Recirculating Production Pond Inflows to Increase Production and Reduce Effluents on Small-Scale Fish Farms

2005 Annual Report for OS04-018

Project Type: On-Farm Research
Funds awarded in 2004: $14,145.00
Projected End Date: 12/31/2006
Region: Southern
State: Alabama
Principal Investigator:
David Cline
Alabama Cooperative Extension System

Recirculating Production Pond Inflows to Increase Production and Reduce Effluents on Small-Scale Fish Farms


With guidance from University personnel and funding assistance from SARE, the cooperating farmer has had the opportunity to explore the economics of recirculating water through his multi-pond production system. Recycling this water along with integrating secondary non-fish crops has helped reduce the amount of potentially nutrient rich effluents leaving the farm and allowed the farmer to increase his productivity and efficiency.

Objectives/Performance Targets

The objectives for year two included:

Preparing the garden plots. Completing the harvest sorting and marketing of year 1 fish from raceways. Restocking the raceways with catfish. Preparing/repairing the aquaponic rafts and germinating seedlings. Feed fish and monitor their growth. Monitoring and maintaining water quality. Planting and maintaining aquaponic plant rafts. Harvest fish and plants and record the profits and losses associated with the project.


The cooperating farmer was able to accomplish the year two objectives, but not without some difficulty however. The farmer battled with illness and farm labor issues. Also the weather was not very cooperative.

Year one fish were harvested and the production levels were up. The aquaponic rafts were installed with the seedlings. The plants did very well for approximately two weeks and then appeared to suffer from lack of nutrients and overexpose to the sun. The second hurricane in as many years finished them off, so they did not contibute positively to the farmers bottom line. The additional vegetable plots were also devastated by the hurricane and resulted in only $1000 extra profit to the operation.

After consultation with some of the Auburn University horticulturists, it was determined that there were not adequate nutrients in the water to support the aquaponic plants. The decision was made to add a small amount of slow release fertilizer to each plant. This effort sustained the plants for a longer period of time, but this batch also demonstrated symptoms of overexposure to the sun. The rafts were white in color, and it was determined that the sun reflecting off this white surface was more than the plants could tolerate.

The fish produced in the raceways did very well in the recirculated water, and water quality never became an issue. These fish were marketed primarily through the farmers fee fishing operation and generated an slight increase in farm income.

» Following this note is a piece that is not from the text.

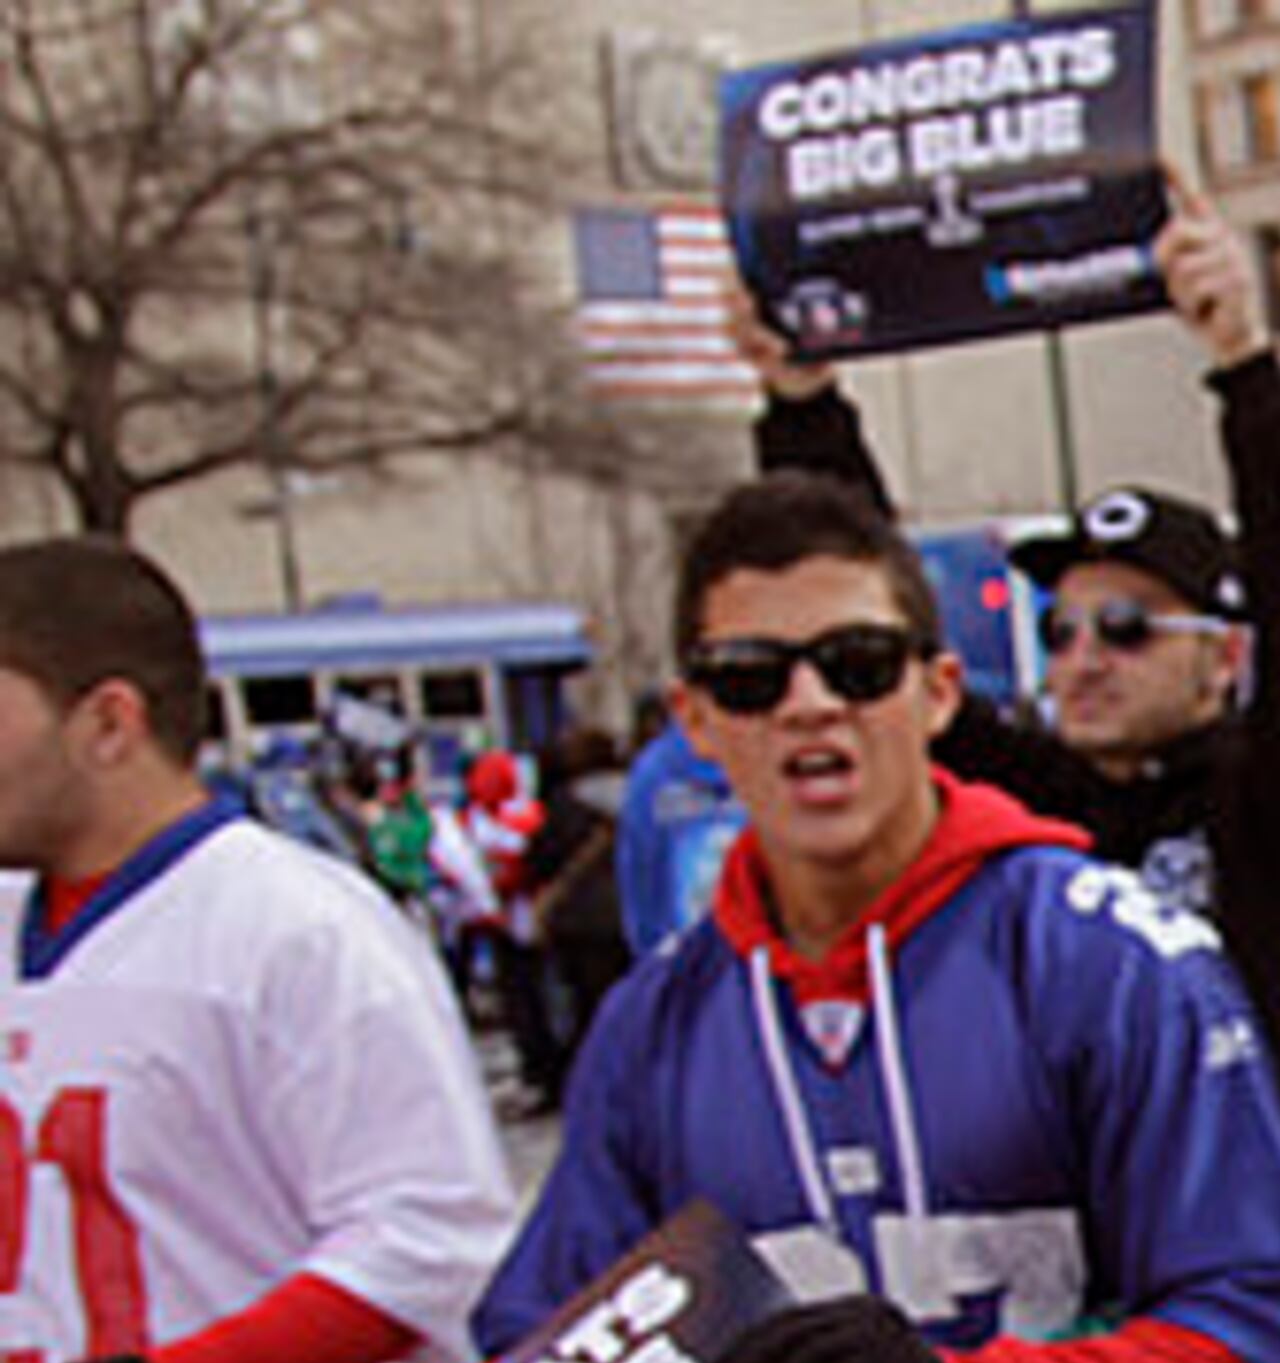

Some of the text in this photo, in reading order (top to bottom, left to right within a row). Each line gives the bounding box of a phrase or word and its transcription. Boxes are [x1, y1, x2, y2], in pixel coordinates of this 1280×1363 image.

[759, 27, 1116, 139] CONGRATS
[788, 127, 901, 197] BIG
[909, 94, 1086, 176] BLUE

The decision to hold the farmer field day/workshop was postponed until the spring when there would be more for the visitors to see.

Impacts and Contributions/Outcomes

The farmer reported production of an additional 1000lbs of tomatoes that resulted from the project. Most of the other vegetables were hit hard by the second hurricane. The second attempt to grow the aquaponic lettuce yeilded valuable information in terms of the nutrient requirement and sunlight tolerance of the plants. The farmer was disappointed with the results but was encouraged enough by the prospects to seek a method to concentrate fish wastes to improve the nutrient availability.

The cooperating farmer was so pleased with the results of the water recirculation efforts that he is constructing another set of raceways to further intensify his production, reduce labor requirements and concentrate the fish wastes to grow more plants.

Many farmers and patrons visiting the farm commented on the integration with the plants and considered it a valuable investment that they will consider for their farm.